Mute, ambiguous: these objects are, in so many ways, diametrically opposed to the predilections of our present moment. The digital age asks us to be disembodied; its endlessly available images and data circulate bloodlessly. Blatrix, for his part, is not afraid to be naïve, romantic, to return us to the hand and the heart: “I like to start with ideas with a certain pathos, and then I make them increasingly abstract until the result is something more twisted and strange.”

For Standby Mice Station, with the full alliterative force of his deliberately nonsensical title, the artist has imagined just such an ensemble of new sculptures and images, the latter fashioned in that anachronistic technique of wood marquetry (mostly bygone in art, now more known in the realm of furniture making). These images line the walls around the ready- made object that inspired the artist’s own “activity table,” Weather Stork Point a grown up’s oversized technological gadget, evoking a bizarre climate predictor meets board game meets robot vacuum cleaner. Partially covered in feathers, with balls emerging from it as if for somehow measuring atmospheric shifts, and bearing pictograms of the sun and moon, stars and snow, it can’t actually register anything. As with everything else in the show, reason is not the tool one might best use to
comprehend its logic.

In the images, declared to represent the four seasons, Blatrix has abstracted this original motif until it becomes entirely unrecognizable. Summer, for instance, is represented by an image of the so-called Grumpy Cat, the feline superstar that has become an internet meme sensation and that happens to have died in summertime. Winter is represented by another
famous meme, this one based on the widelymocked “ugly-crying face” of the US-American teen TV series Dawson’s Creek’s lead character, whose visage crumples with emotion when he is abandoned by his girlfriend (in winter, of course). The associations between the other seasons and the images meant to portray them are even more tenuous and personal. Yet it
isn’t coincidental that Grumpy Cat looks disapprovingly at the depiction of Pharmaceutical giant F. Hoffmann-La Roche AG’s Roche Tower (spring), and that an emotionally charged crying face is positioned opposite the tender image of a mother and her child (autumn). Rather, it points to narrative threads linking each element according to the idiosyncratic semantic structure that is the artist’s mind.

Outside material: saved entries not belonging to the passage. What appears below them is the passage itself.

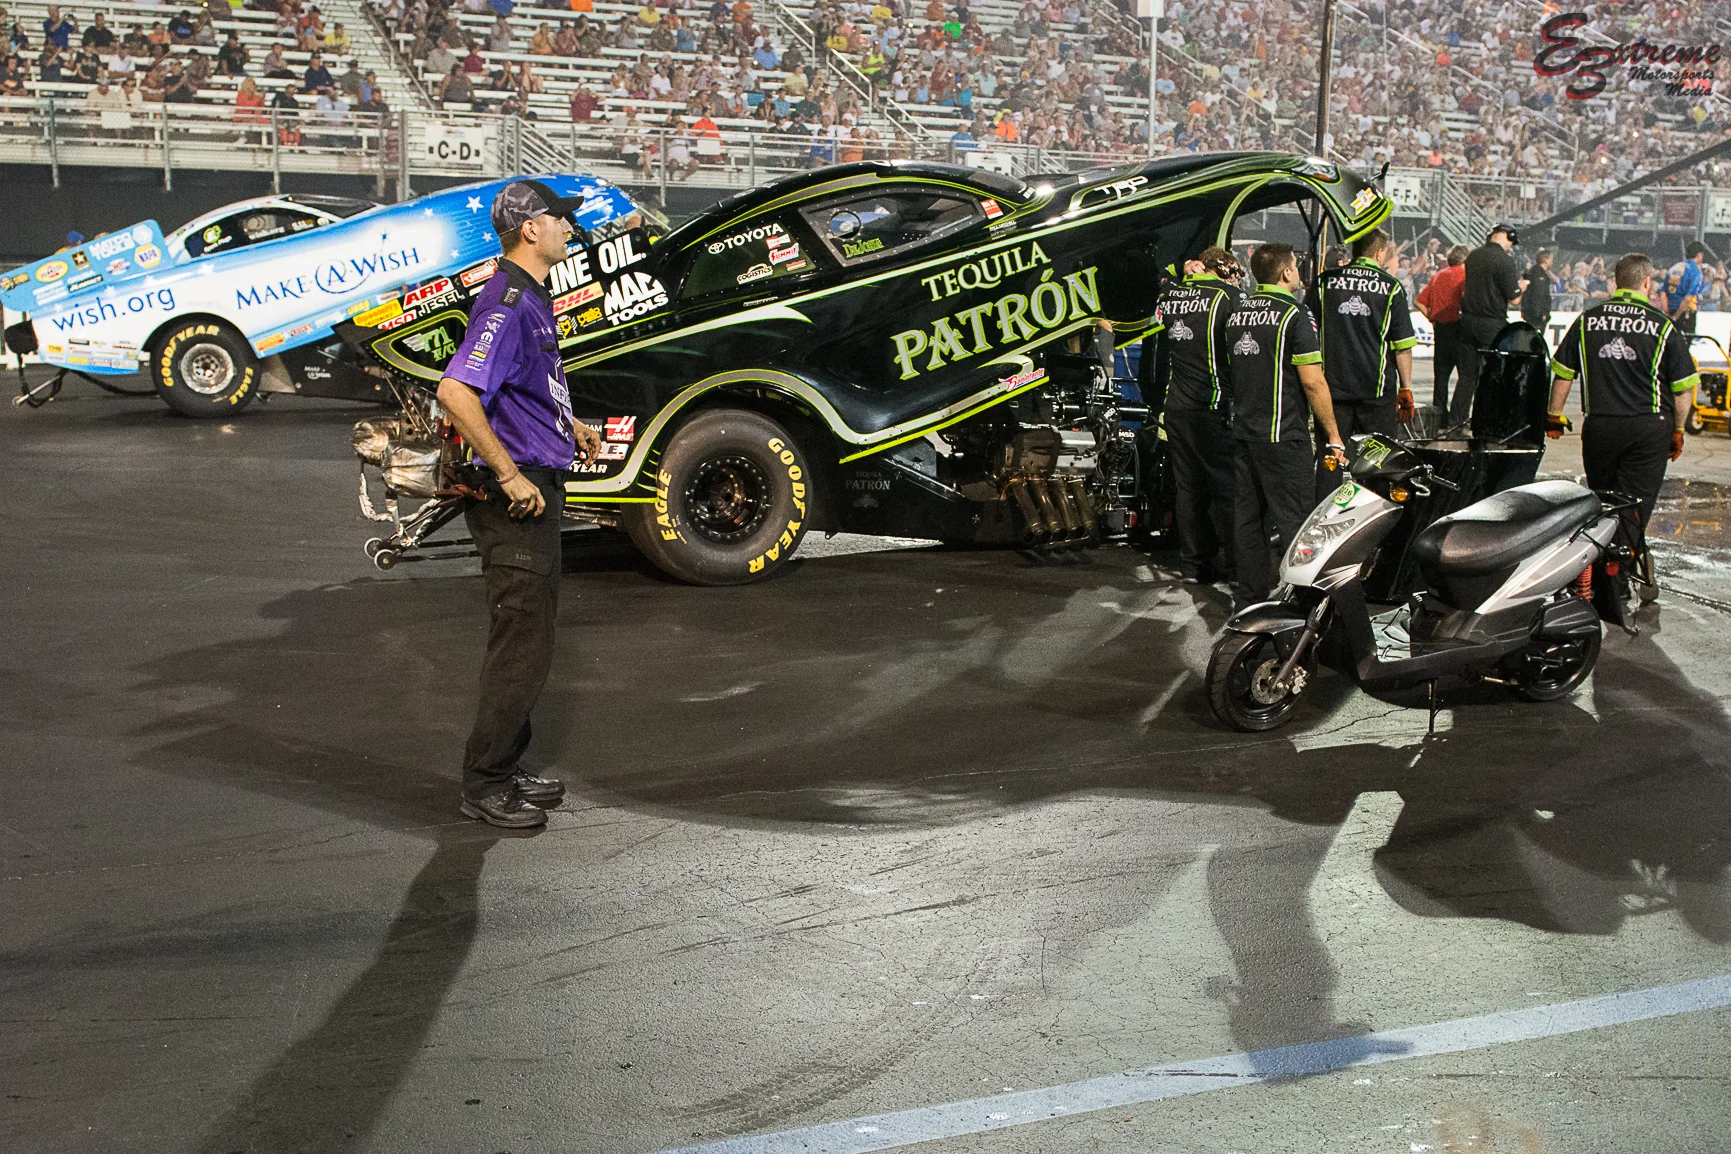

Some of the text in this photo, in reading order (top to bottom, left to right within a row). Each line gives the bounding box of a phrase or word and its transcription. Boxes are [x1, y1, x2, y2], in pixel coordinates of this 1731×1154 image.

[724, 223, 784, 249] TOYOTA
[548, 251, 593, 296] INE
[921, 240, 1052, 302] TEQUILA
[1342, 268, 1380, 278] TEQUILA
[52, 288, 175, 331] wish.org
[404, 278, 450, 308] ARP
[553, 288, 595, 313] DHL
[604, 271, 667, 317] MAC
[606, 293, 669, 326] TOOLS
[1168, 288, 1201, 298] TEQUILA
[1241, 299, 1272, 309] TEQUILA
[1602, 304, 1647, 316] TEQUILA
[890, 266, 1102, 381] PATRÓN
[161, 324, 220, 387] GOODYEAR
[229, 366, 254, 405] EAGLE
[655, 468, 678, 541] EAGLE
[748, 437, 806, 574] GOODYEAR

“Imagine minimalism falling in love with surrealism”: It was thusly that Blatrix’s work was once aptly described, the writer adding, “It can only end tragically.” So, it is. As if in anticipation of precisely such a trajectory, the artist has set up a tiny, crude effigy of himself in a corner of the exhibition. There sits a Starbucks apron, swaddled up to form a pathetic body, with a tennis ball as its head, its face scribbled with a single tear, almost emoji-like, intimating that Blatrix is there, watching it
all, resignedly. As a visitor, you cannot access the exhibition’s very last space. You can only take it in partially, looking past the wall-like obstacle the artist has erected. From this vantage point, with a remix of a snippet from the soulful 1960s Ben E. King song Stand By Me playing on repeat, you also finally get to see a real season, perhaps with rain and snow, taking place outside the institution’s window located across the room.

The combination of elements, their sparseness in the space and taut tension between them, attempts to convey the tragic emotional charge of a world in which being able to experience the changing seasons will soon be a thing of the past. But none of this is explicit, even less is it proclamative or strategic. Instead, the artist invites you—us all—into a peculiar universe where he mysteriously instills things with emotion and provokes our capacity to feel and connect to objects and people around us. To ask what any of it means is perhaps the wrong question. Confronted by Blatrix’s art, the pertinent question is what it means to us.

Camille Blatrix was born in 1984 in Paris, where he lives and works.